** Opening Excerpted data block **
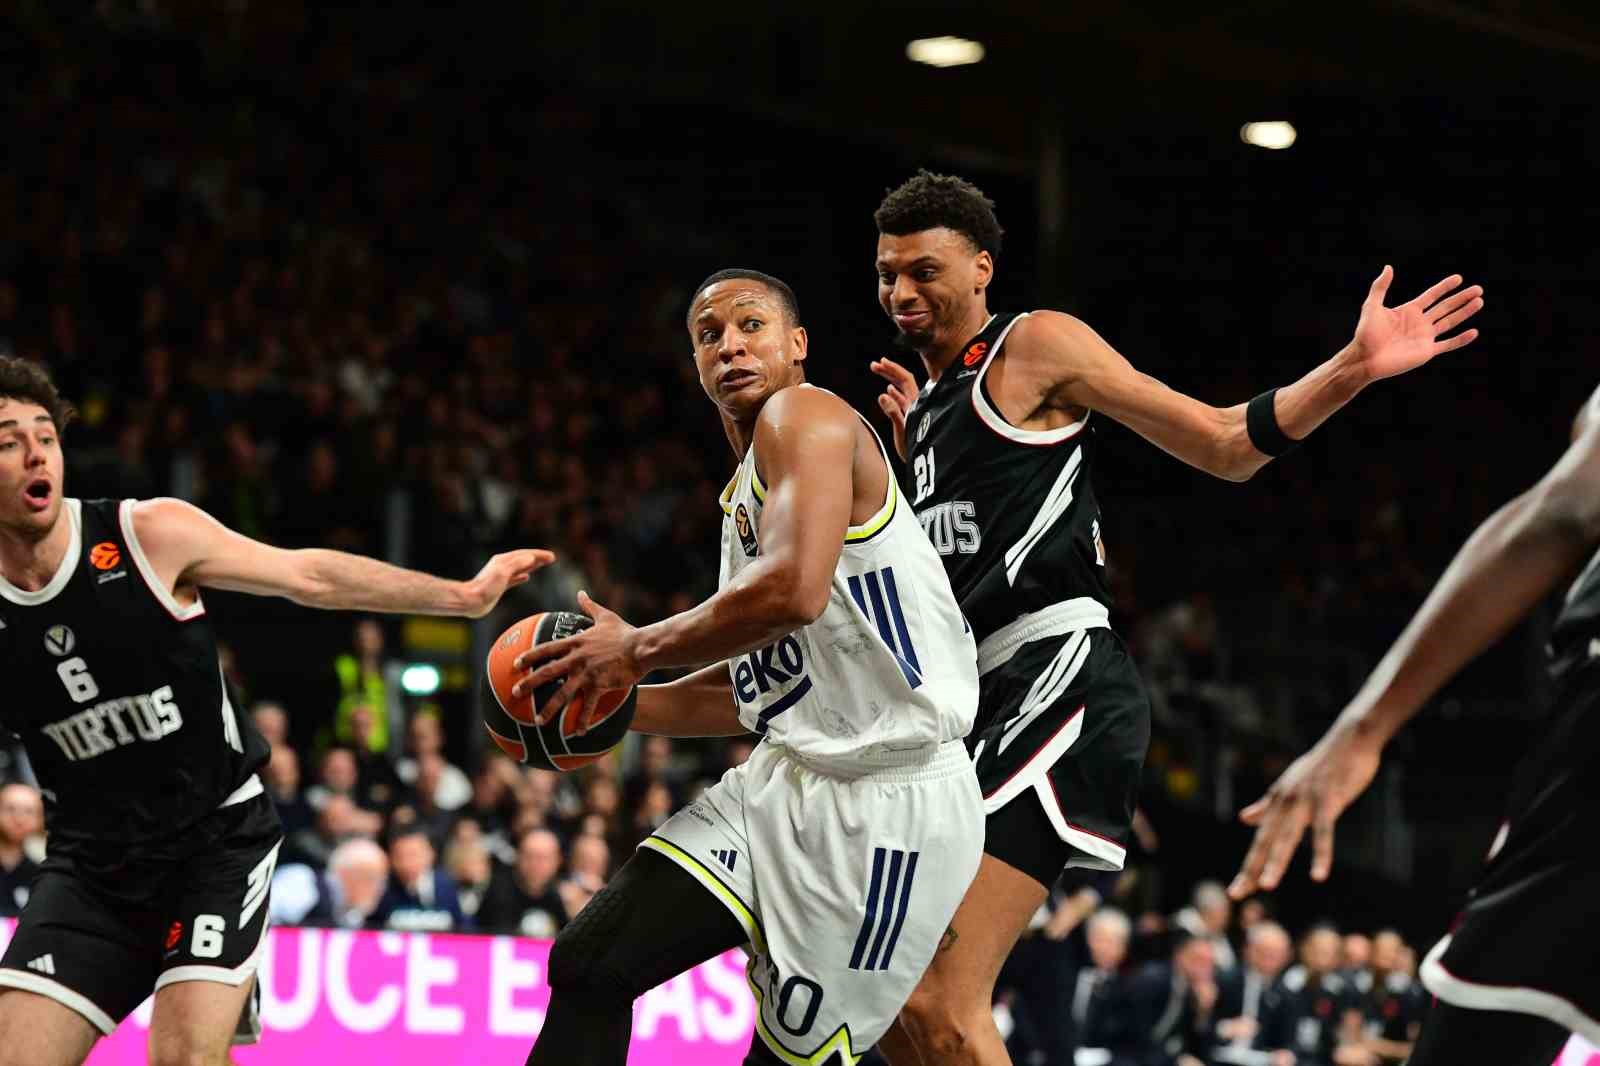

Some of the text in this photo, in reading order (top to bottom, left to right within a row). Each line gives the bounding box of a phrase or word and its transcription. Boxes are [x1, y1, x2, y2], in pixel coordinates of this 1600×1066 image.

[913, 446, 935, 507] 21
[916, 500, 981, 555] TUS
[57, 656, 99, 703] 6
[736, 635, 803, 703] eko
[190, 914, 226, 959] 6
[261, 928, 757, 1043] UCE E AS
[768, 966, 823, 1037] 0
** Closing Excerpted data block **
**Problem statement:** Print all of the records shown above exactly, leaving out each picture.

**Output below:**
Some of the text in this photo, in reading order (top to bottom, left to right within a row). Each line gives the bounding box of a phrase or word and its transcription. Boxes are [x1, y1, x2, y2], in pixel coordinates of this 1600×1066 image.

[913, 446, 935, 507] 21
[916, 500, 981, 555] TUS
[57, 656, 99, 703] 6
[736, 635, 803, 703] eko
[190, 914, 226, 959] 6
[261, 928, 757, 1043] UCE E AS
[768, 966, 823, 1037] 0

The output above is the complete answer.